-- WHAT YOU ARE ASKED TO DO --
Write out each record below exactly, but not the pictures.

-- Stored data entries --
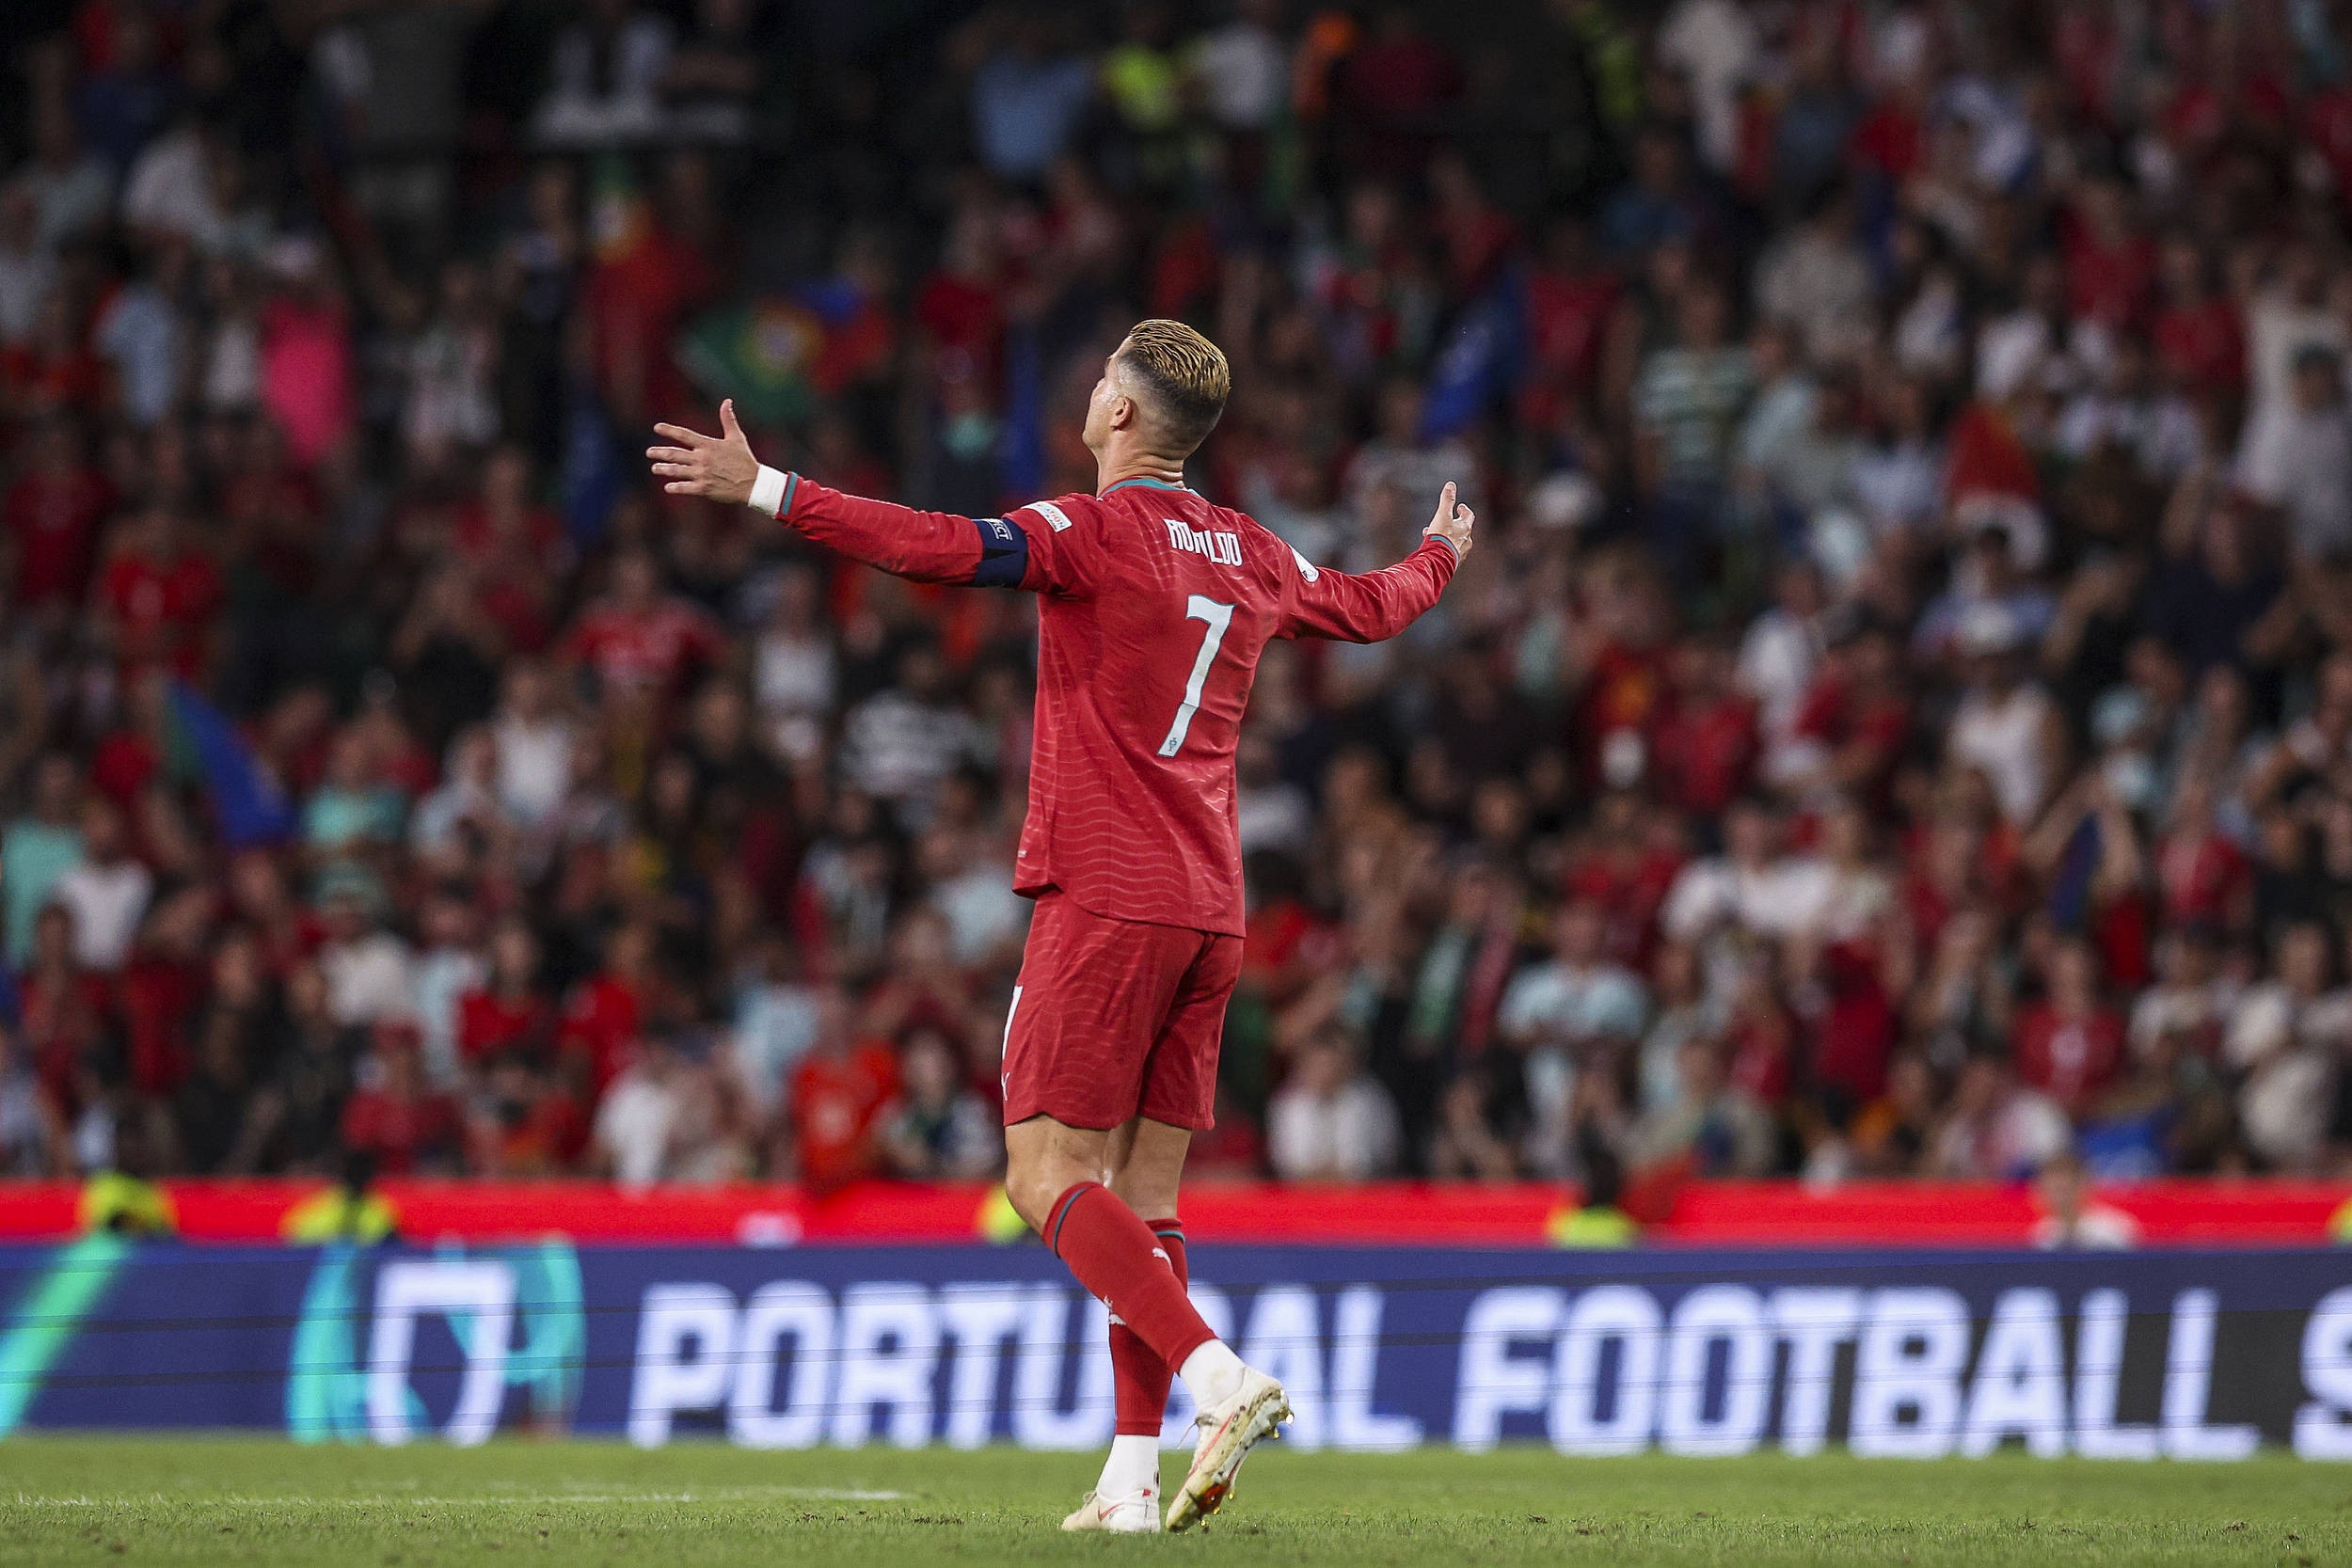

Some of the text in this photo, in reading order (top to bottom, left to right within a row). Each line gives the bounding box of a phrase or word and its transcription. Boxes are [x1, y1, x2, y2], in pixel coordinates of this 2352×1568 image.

[1163, 518, 1243, 566] RONLDO
[1157, 594, 1236, 757] 7
[627, 1281, 1423, 1451] PORTUAL
[1454, 1284, 2261, 1462] FOOTBALL
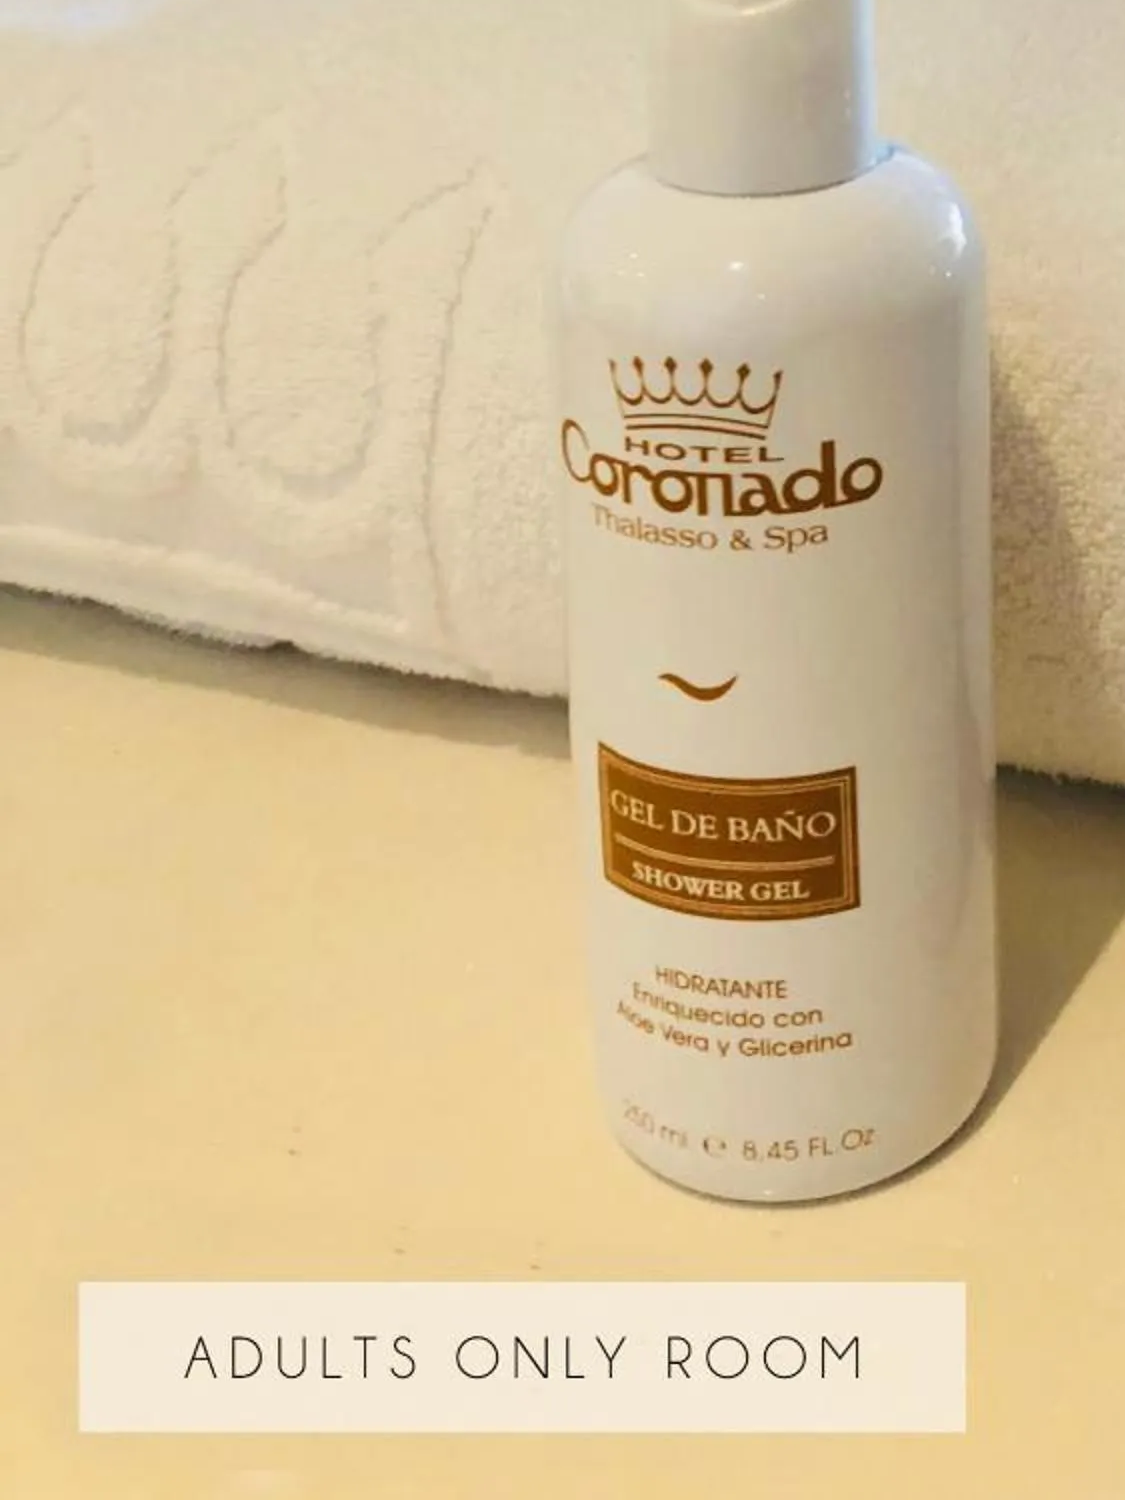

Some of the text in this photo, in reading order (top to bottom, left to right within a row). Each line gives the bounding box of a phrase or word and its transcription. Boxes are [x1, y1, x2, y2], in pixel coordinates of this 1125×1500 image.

[561, 419, 882, 517] Coronado
[625, 436, 784, 463] HOTEL
[591, 502, 829, 553] Thalasso & Spa
[609, 788, 837, 842] GEL DE BAÑO
[632, 861, 810, 901] SHOWER GEL
[655, 965, 788, 999] HIDRATANTE
[632, 982, 823, 1028] Enriquecido con
[661, 1022, 709, 1051] Vera
[738, 1032, 853, 1057] Glicerina
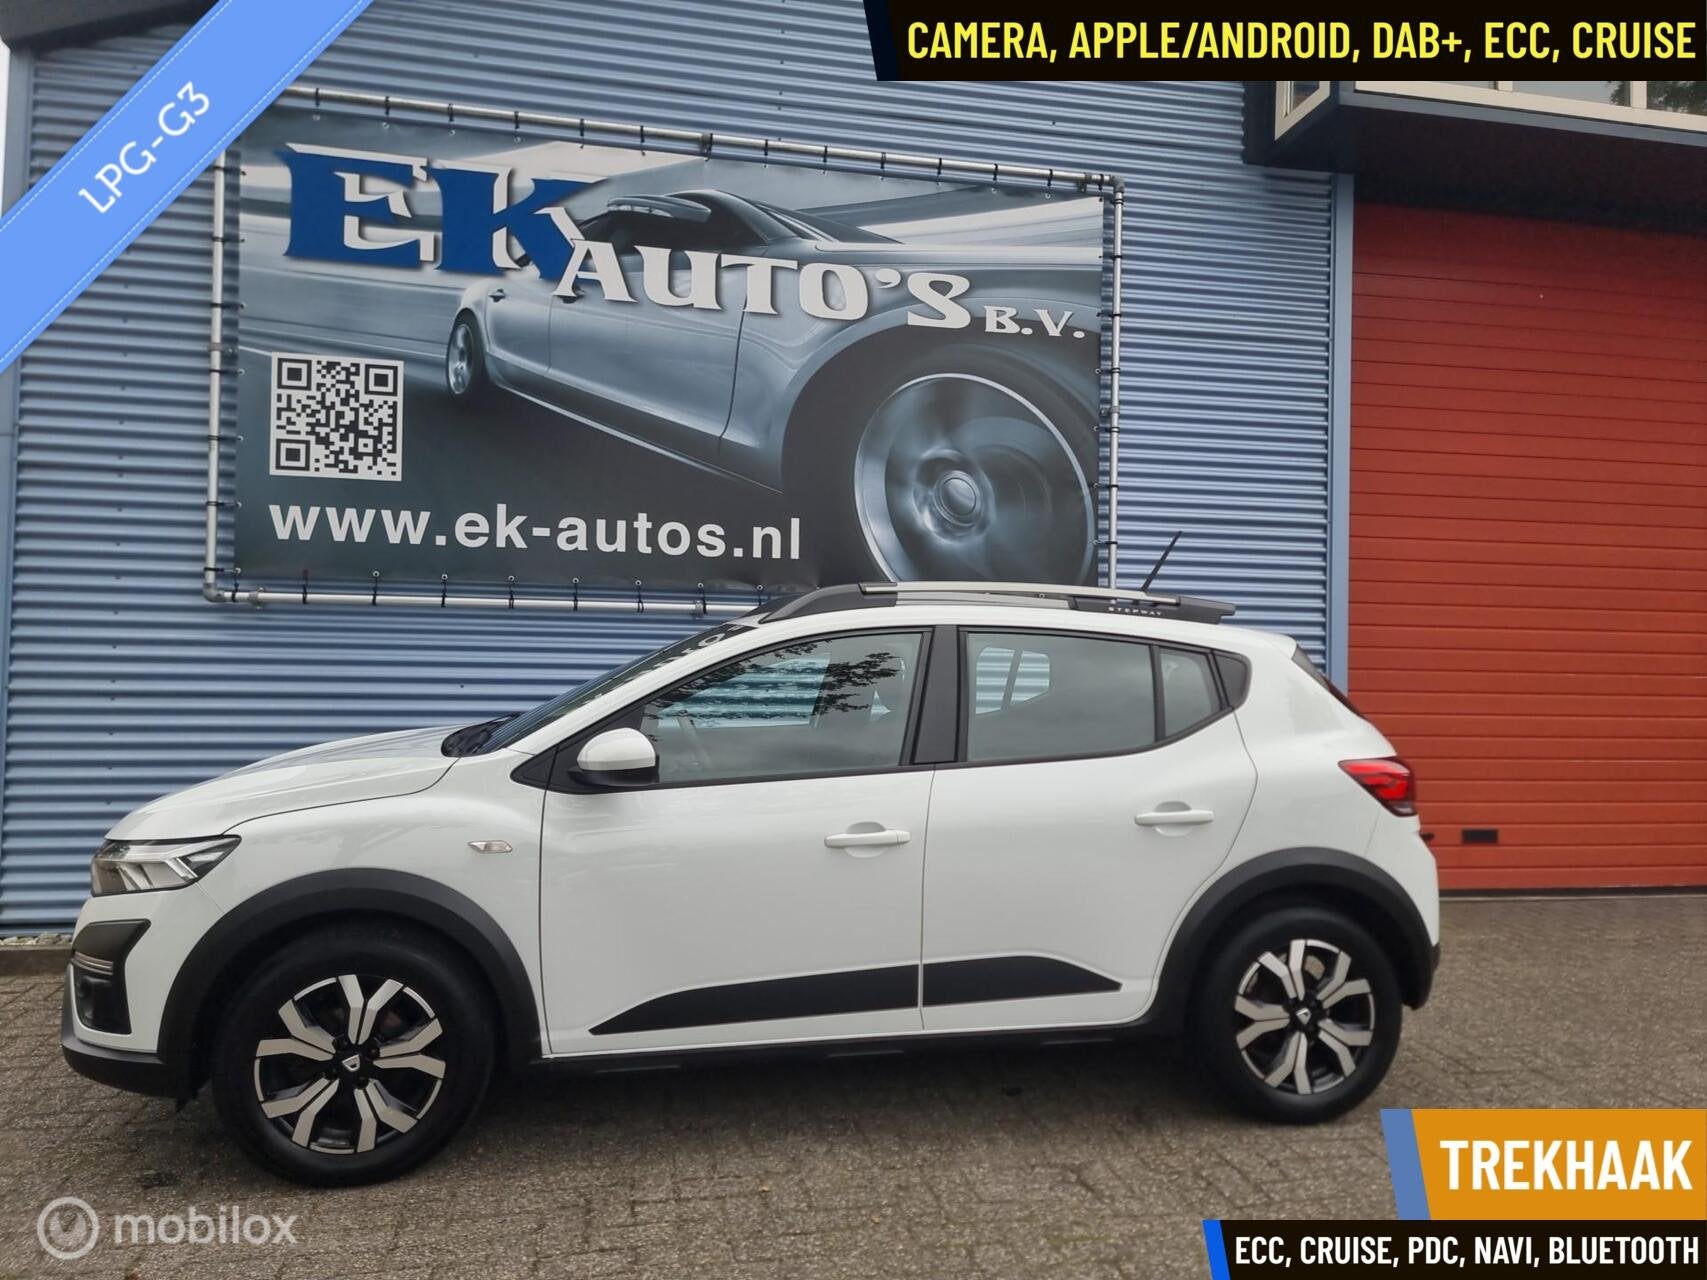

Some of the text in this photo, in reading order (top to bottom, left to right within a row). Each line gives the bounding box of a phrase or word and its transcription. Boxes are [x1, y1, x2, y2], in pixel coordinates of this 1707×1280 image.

[279, 143, 608, 281] EK
[983, 304, 1086, 339] B.V.
[268, 503, 801, 560] www.ek-autos.nl
[1107, 606, 1163, 616] STEPWAY

-- ANSWER FOR THIS EXERCISE --
Some of the text in this photo, in reading order (top to bottom, left to right within a row). Each line gives the bounding box of a phrase or word and its transcription. Boxes are [x1, y1, x2, y2], in pixel coordinates of this 2352×1568 image.

[1163, 518, 1243, 566] RONLDO
[1157, 594, 1236, 757] 7
[627, 1281, 1423, 1451] PORTUAL
[1454, 1284, 2261, 1462] FOOTBALL

Some of the text in this photo, in reading order (top to bottom, left to right within a row). Each line gives the bounding box of a phrase or word and its transcription. Boxes are [x1, y1, x2, y2], in pixel coordinates of this 1125×1500 image.

[561, 419, 882, 517] Coronado
[625, 436, 784, 463] HOTEL
[591, 502, 829, 553] Thalasso & Spa
[609, 788, 837, 842] GEL DE BAÑO
[632, 861, 810, 901] SHOWER GEL
[655, 965, 788, 999] HIDRATANTE
[632, 982, 823, 1028] Enriquecido con
[661, 1022, 709, 1051] Vera
[738, 1032, 853, 1057] Glicerina

Some of the text in this photo, in reading order (top to bottom, left to right within a row). Each line gives the bounding box of a phrase or word and its transcription. Boxes are [x1, y1, x2, y2], in pixel coordinates of this 1707×1280 image.

[279, 143, 608, 281] EK
[983, 304, 1086, 339] B.V.
[268, 503, 801, 560] www.ek-autos.nl
[1107, 606, 1163, 616] STEPWAY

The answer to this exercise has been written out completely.